I like a lot of the things that economists do. But there are other things they do that I’m not a huge fan of. A good friend, who deals with ethnography, law, music and international copyright has a rule that whenever an economist uses an interview with one person and tries to pass it off as a piece of ethnography (“I had an interesting conversation with the cab driver who picked me up from the airport…From this conversation, I think it is safe to say that the local population is behind rapid capital market deregulation”) her mind wanders away from the argument. For me, the same thing happens whenever economists start talking about genetics.

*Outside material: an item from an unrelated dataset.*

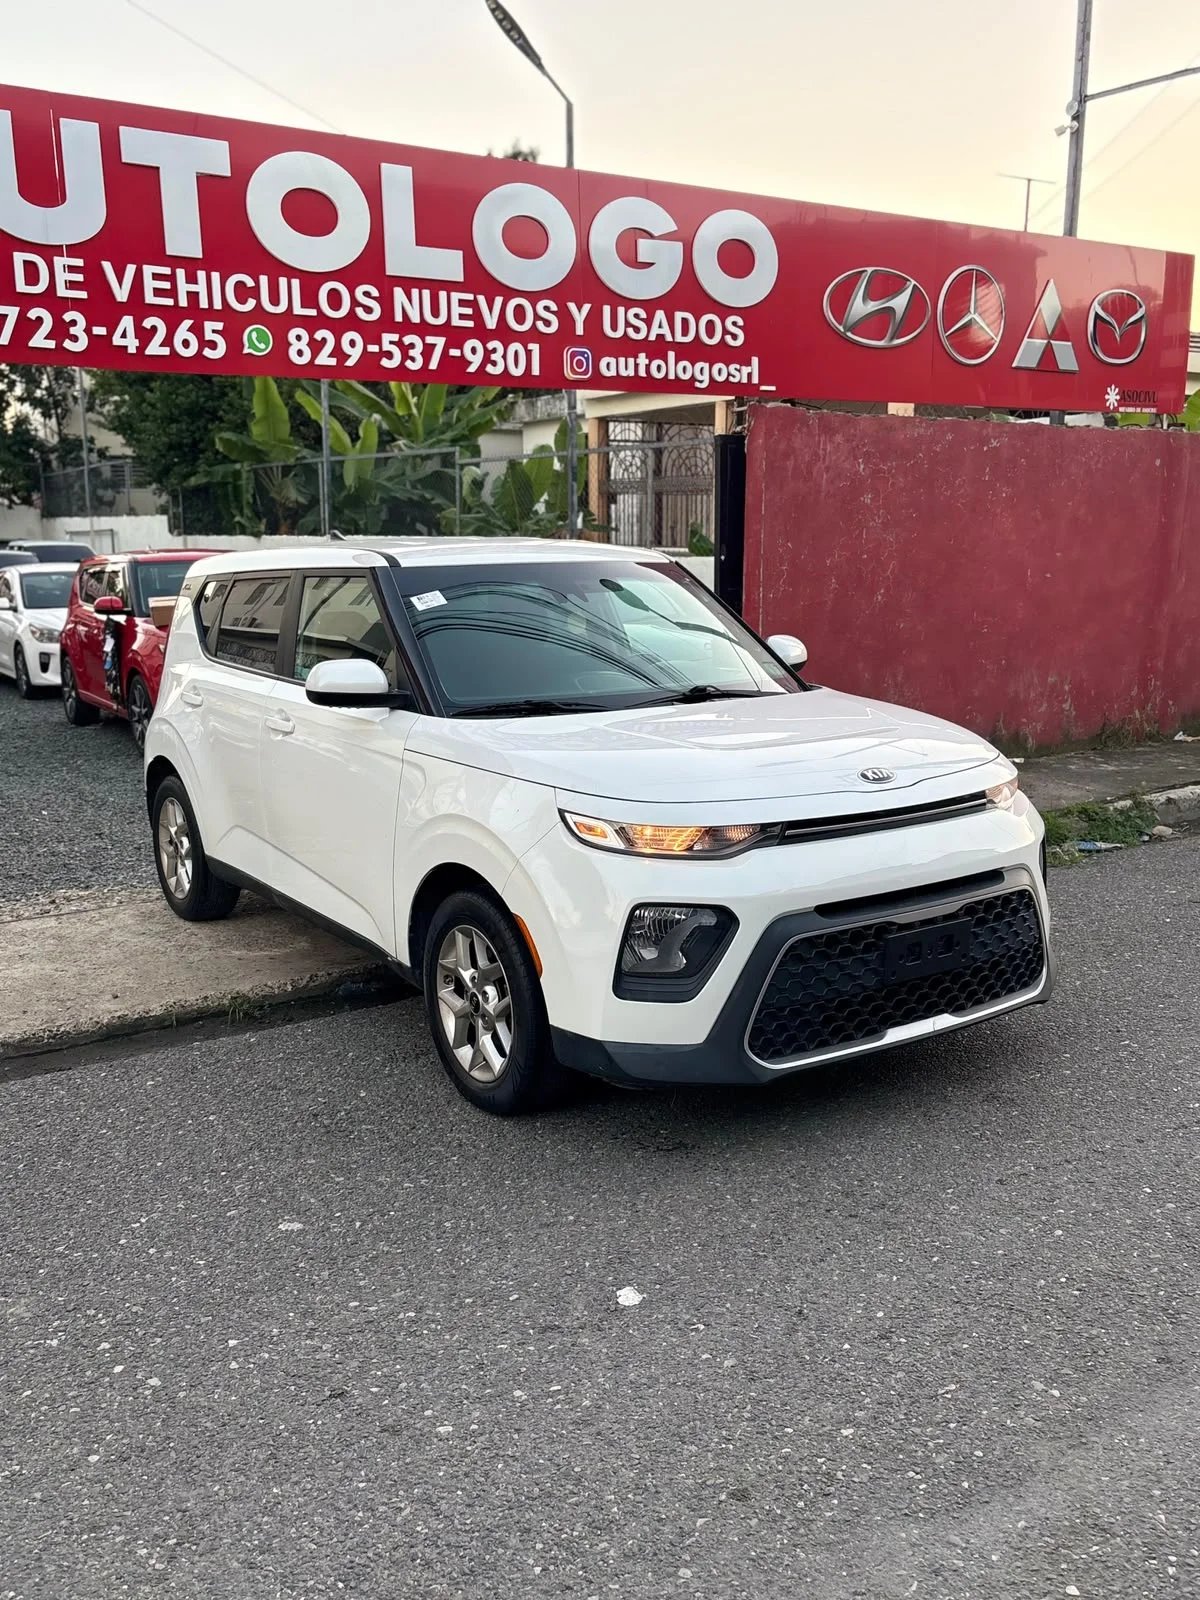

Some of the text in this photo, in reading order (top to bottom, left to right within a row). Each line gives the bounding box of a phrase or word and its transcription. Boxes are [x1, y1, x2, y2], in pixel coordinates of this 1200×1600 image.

[13, 252, 745, 347] DE VEHICULOS NUEVOS Y USADOS
[287, 328, 540, 376] 829-537-9301

There’s nothing in the education of economists, which is training in a subset of engineering math techniques known as ‘convex optimization’, that prepares one for the biological sciences. Is there an economics class lab that compares to organic chemistry lab? I know economics people and I know bio/chem/biophysics people, and the techniques and research are way different. Now if economists approached their research into genetics in a manner that was “here’s an interesting thing…” as opposed to “here we have clearly solved for genetic influence…”, humbler conclusions, that would be one thing. But it tends to be of the “fighting out the door” manner.

Inheritance

Here is a good writeup of the last round of follow-up with Mankiw at Marginal Revolutions, along with this provocative graph:
income_adopt

The graph does not say that adopted children necessarily have low income. On the contrary, some have high and some have low income and the same is true of biological children. What the graph says is that higher parental income predicts higher child income but only for biological children and not for adoptees.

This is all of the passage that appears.